● What the exercise asks: You are asked to repeat the listing word for word and to leave out its pictures.

--- START ---

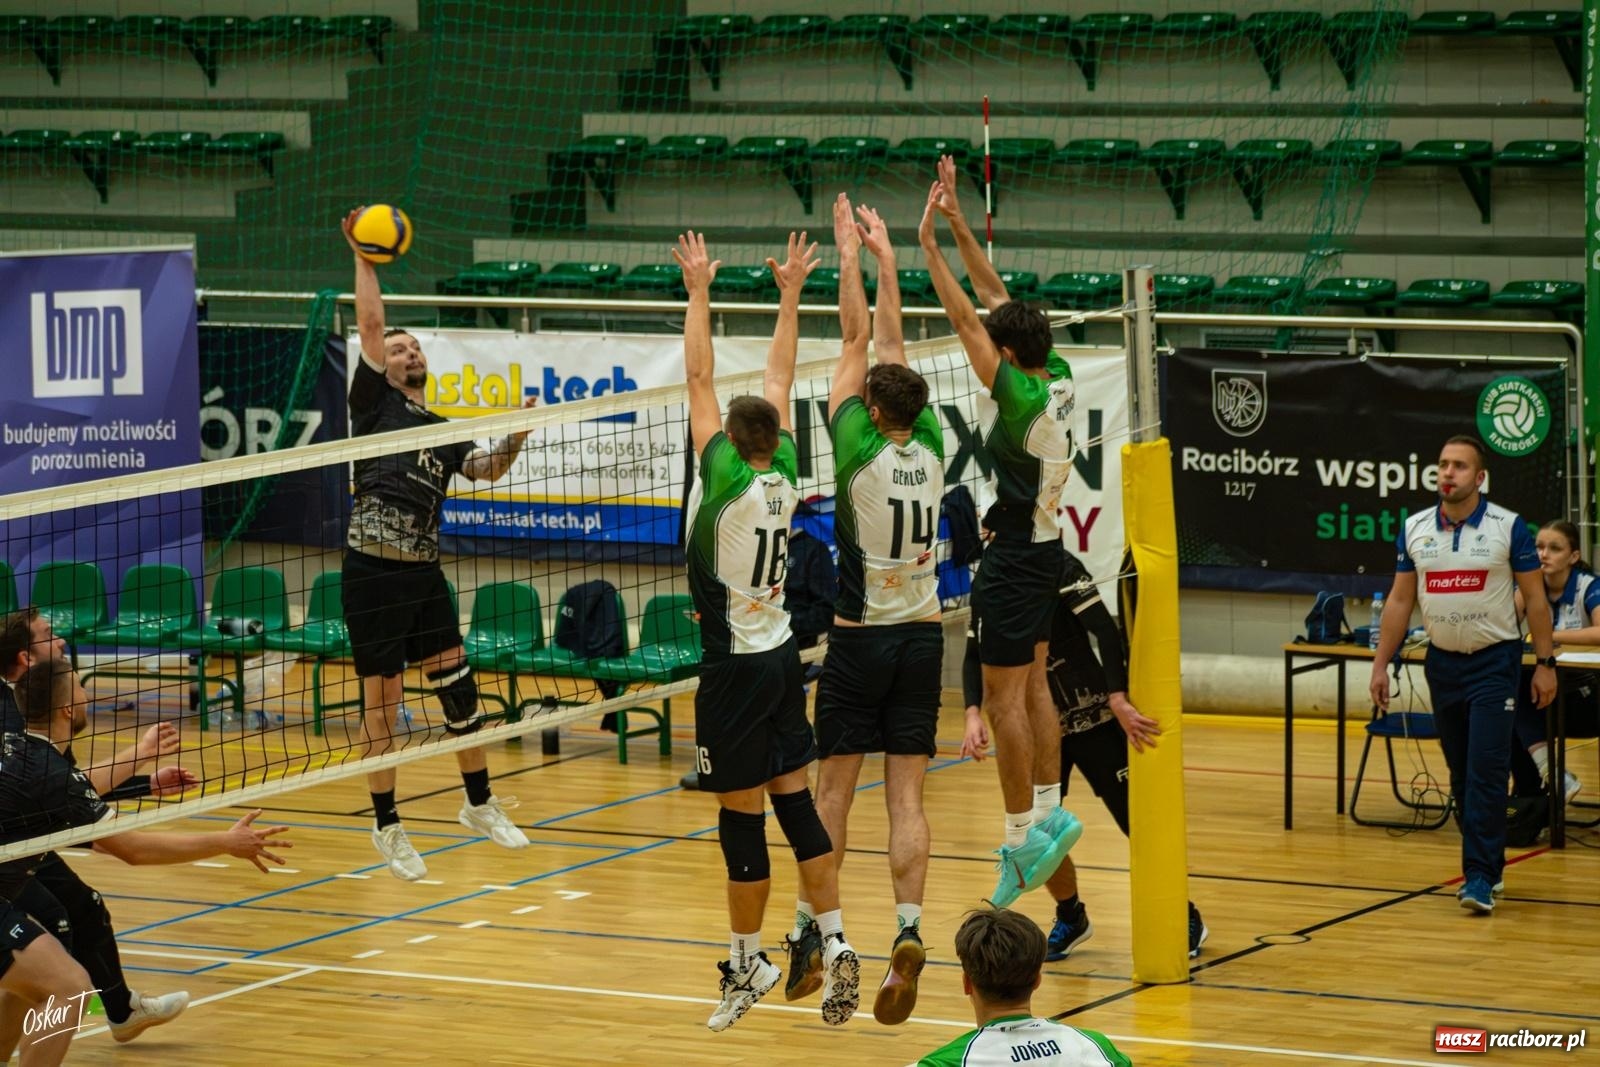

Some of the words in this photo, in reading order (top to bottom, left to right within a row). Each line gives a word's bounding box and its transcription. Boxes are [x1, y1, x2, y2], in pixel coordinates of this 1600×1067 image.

[31, 289, 144, 398] bmp
[425, 363, 638, 407] nstal-tech
[1482, 388, 1499, 414] KLUB
[1498, 381, 1545, 417] SIATKARSKI
[4, 422, 78, 447] budujemy
[83, 419, 177, 441] możliwości
[31, 448, 146, 474] porozumienia
[531, 465, 557, 477] von
[660, 467, 668, 480] 2
[1182, 447, 1299, 476] Racibórz
[1224, 481, 1256, 501] 1217
[443, 507, 602, 535] www.instal-tech.pl
[887, 497, 934, 560] 14
[750, 526, 788, 589] 16
[1010, 1040, 1062, 1063] JOŃCA

--- END ---

● Task solution:
Some of the words in this photo, in reading order (top to bottom, left to right within a row). Each line gives a word's bounding box and its transcription. Boxes are [x1, y1, x2, y2], in pixel coordinates of this 1600×1067 image.

[31, 289, 144, 398] bmp
[425, 363, 638, 407] nstal-tech
[1482, 388, 1499, 414] KLUB
[1498, 381, 1545, 417] SIATKARSKI
[4, 422, 78, 447] budujemy
[83, 419, 177, 441] możliwości
[31, 448, 146, 474] porozumienia
[531, 465, 557, 477] von
[660, 467, 668, 480] 2
[1182, 447, 1299, 476] Racibórz
[1224, 481, 1256, 501] 1217
[443, 507, 602, 535] www.instal-tech.pl
[887, 497, 934, 560] 14
[750, 526, 788, 589] 16
[1010, 1040, 1062, 1063] JOŃCA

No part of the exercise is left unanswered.